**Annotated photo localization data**
━━━━━━━━

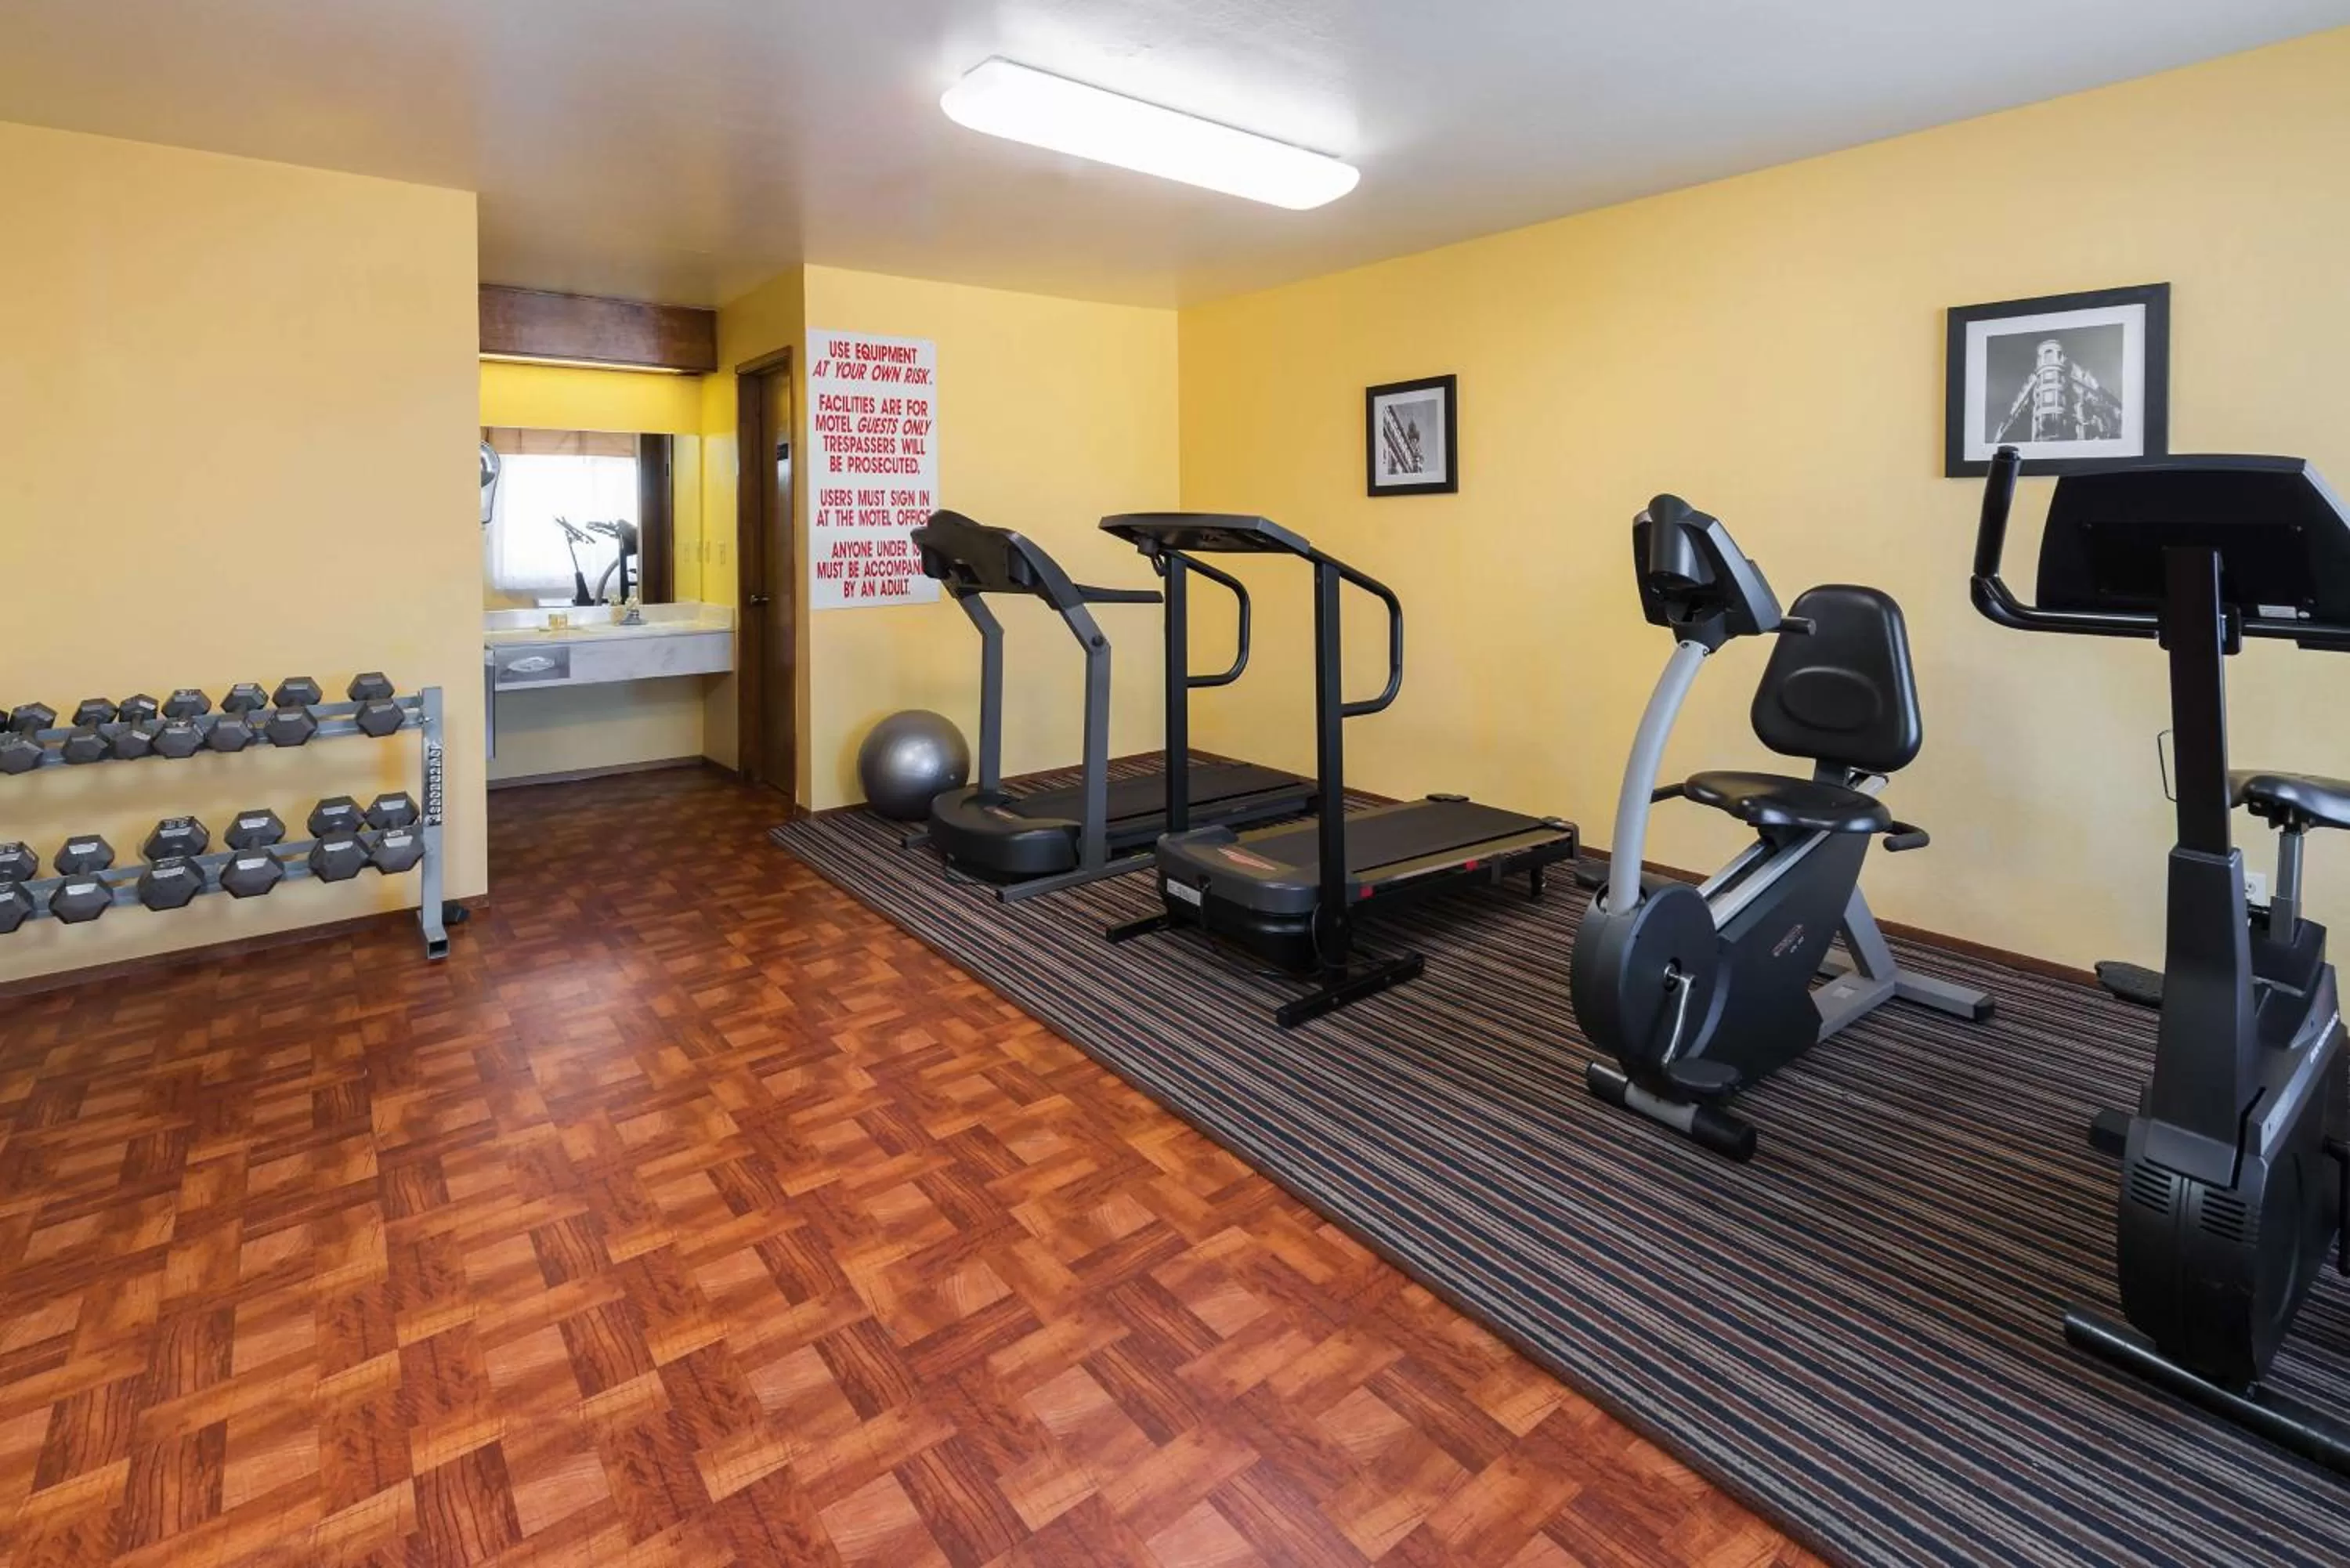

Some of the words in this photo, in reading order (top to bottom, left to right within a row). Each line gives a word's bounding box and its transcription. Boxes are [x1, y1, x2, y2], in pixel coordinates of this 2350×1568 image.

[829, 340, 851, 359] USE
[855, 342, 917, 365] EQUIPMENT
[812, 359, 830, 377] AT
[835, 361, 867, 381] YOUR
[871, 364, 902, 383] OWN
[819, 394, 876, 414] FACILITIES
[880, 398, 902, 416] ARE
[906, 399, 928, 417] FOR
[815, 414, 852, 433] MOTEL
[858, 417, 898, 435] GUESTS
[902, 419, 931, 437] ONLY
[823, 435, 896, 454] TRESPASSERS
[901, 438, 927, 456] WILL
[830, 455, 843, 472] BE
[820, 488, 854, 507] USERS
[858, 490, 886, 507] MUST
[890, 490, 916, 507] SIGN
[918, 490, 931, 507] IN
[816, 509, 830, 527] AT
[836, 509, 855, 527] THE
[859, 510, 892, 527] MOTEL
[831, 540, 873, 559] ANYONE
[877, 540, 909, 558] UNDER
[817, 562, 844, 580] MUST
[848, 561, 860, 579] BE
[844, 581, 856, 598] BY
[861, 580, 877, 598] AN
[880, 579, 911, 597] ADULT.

━━━━━━━━

**Try it**
Only the records, copied exactly and free of pictures, belong in the answer.

**Task solution**
Some of the words in this photo, in reading order (top to bottom, left to right within a row). Each line gives a word's bounding box and its transcription. Boxes are [x1, y1, x2, y2], in pixel coordinates of this 2350×1568 image.

[829, 340, 851, 359] USE
[855, 342, 917, 365] EQUIPMENT
[812, 359, 830, 377] AT
[835, 361, 867, 381] YOUR
[871, 364, 902, 383] OWN
[819, 394, 876, 414] FACILITIES
[880, 398, 902, 416] ARE
[906, 399, 928, 417] FOR
[815, 414, 852, 433] MOTEL
[858, 417, 898, 435] GUESTS
[902, 419, 931, 437] ONLY
[823, 435, 896, 454] TRESPASSERS
[901, 438, 927, 456] WILL
[830, 455, 843, 472] BE
[820, 488, 854, 507] USERS
[858, 490, 886, 507] MUST
[890, 490, 916, 507] SIGN
[918, 490, 931, 507] IN
[816, 509, 830, 527] AT
[836, 509, 855, 527] THE
[859, 510, 892, 527] MOTEL
[831, 540, 873, 559] ANYONE
[877, 540, 909, 558] UNDER
[817, 562, 844, 580] MUST
[848, 561, 860, 579] BE
[844, 581, 856, 598] BY
[861, 580, 877, 598] AN
[880, 579, 911, 597] ADULT.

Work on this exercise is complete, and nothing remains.